Hatta et al. (2014) recently investigated the use of ramelteon for the prevention of delirium in a multicenter, rater-blinded, randomized, placebo-controlled trial conducted in intensive care units and regular acute wards of four university hospitals and one general hospital. Eligible patients were ages 65 to 89, newly admitted because of serious medical problems, and able to take medicine orally. Patients were excluded from the study if they had an expected hospital stay or life expectancy of less than 48 hours. The 67 patients were randomized to receive ramelteon (8 mg) or placebo at night for 1 week. The main outcome measure was the incidence of delirium during the 7 days. Ramelteon was associated with a significantly lower risk of delirium (3%) compared with placebo (32%), even after controlling for risk factors, and a significantly longer time to development of delirium compared with placebo. Curiously, there were no apparent differences between ramelteon and placebo on any sleep measures.
Hatta et al. (2014) suggested that the prophylactic effect of ramelteon might be mediated by its action on MT1 and MT2 receptors, directly regulating activity of the SCN. This is plausible, as circadian dysregulation is associated with cognitive and neuropsychiatric disturbances that occur in delirium, whereas delirium itself dysregulates circadian integrity by interfering with its links to environmental regulators (Fitzgerald et al., 2013). Two other potential mechanisms are also possible.
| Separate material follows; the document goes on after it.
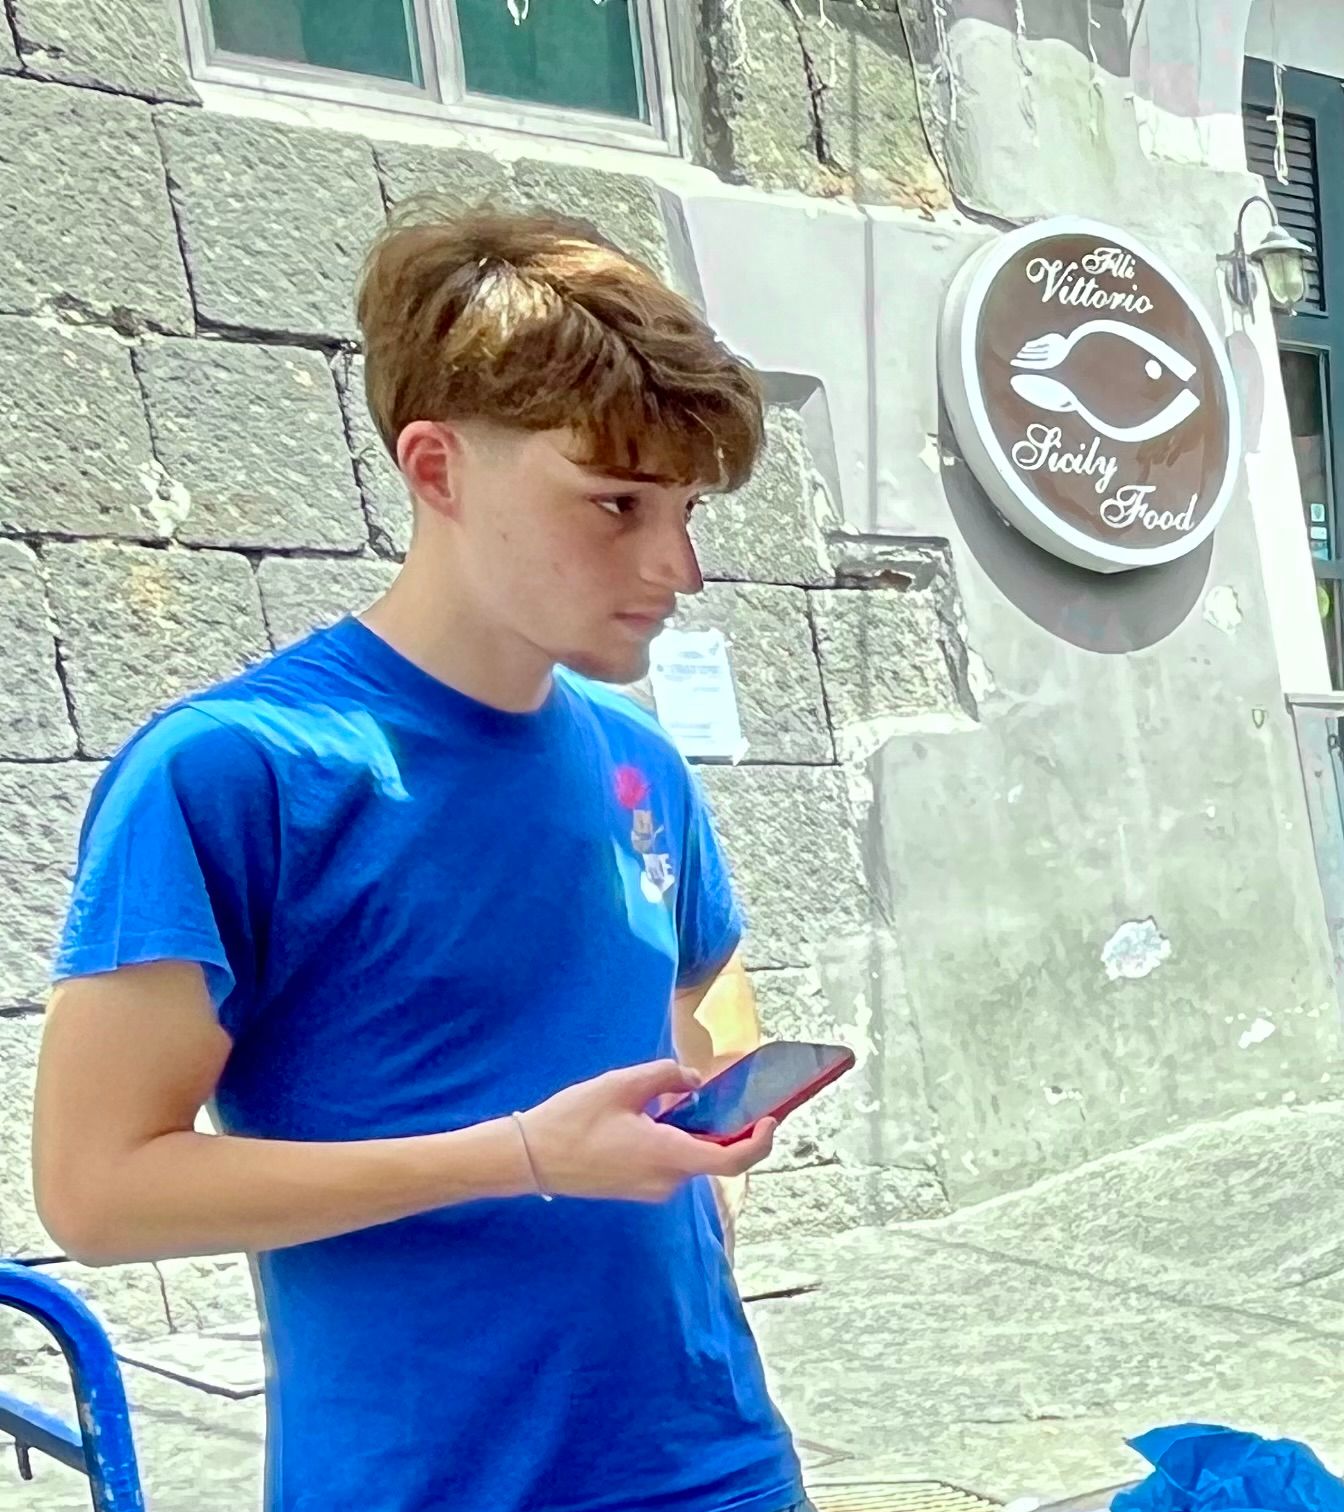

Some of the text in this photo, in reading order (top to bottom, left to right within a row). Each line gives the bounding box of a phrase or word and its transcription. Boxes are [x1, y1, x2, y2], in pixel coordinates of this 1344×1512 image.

Pathologically sustained high levels of cortisol occurring with acute stress can precipitate and/or sustain delirium (Maclullich, Ferguson, Miller, de Rooij, & Cunningham, 2008). The pars tuberalis (PT) is the rostral part of the anterior pituitary gland (Yasuo & Korf, 2011). Most pituitary gland hormones, including the adrenocorticotropic hormone (ACTH) and follicle-stimulating hormone (FSH), are produced in the pars distalis (PD) of the anterior pituitary. Endocannabinoids are rapidly acting immune-modulatory lipid-signaling molecules important for adaptation to stressful and aversive situations. Cannabinoid receptors (CB1 and CB2) are part of the endocannabinoid system, but they are also binding sites for exogenous cannabinoids (i.e., cannabis or related synthetic compounds). Endocannabinoid signaling molecules have been detected in the human PT. The CB1 receptor has been detected in the human PD, localized mainly on ACTH-secreting and FSH-secreting cells. ACTH stimulates the secretion of glucocorticoid steroid hormones (e.g., cortisol) from the adrenal gland. Mammalian PT contains high levels of MT1 receptors. Endocannabinoid signaling is involved in the regulation of the hypothalamic-pituitary-adrenal (HPA) axis (Hill & Tasker, 2012). Low endocannabinoid levels have been associated with an increased risk for delirium (Hauer et al., 2012). Ramelteon MT1 receptor binding might regulate pituitary endocannabinoid signaling and CB1 receptor-mediated ACTH release, thereby attenuating an aberrant HPA axis stress response that could trigger delirium in high-risk patients.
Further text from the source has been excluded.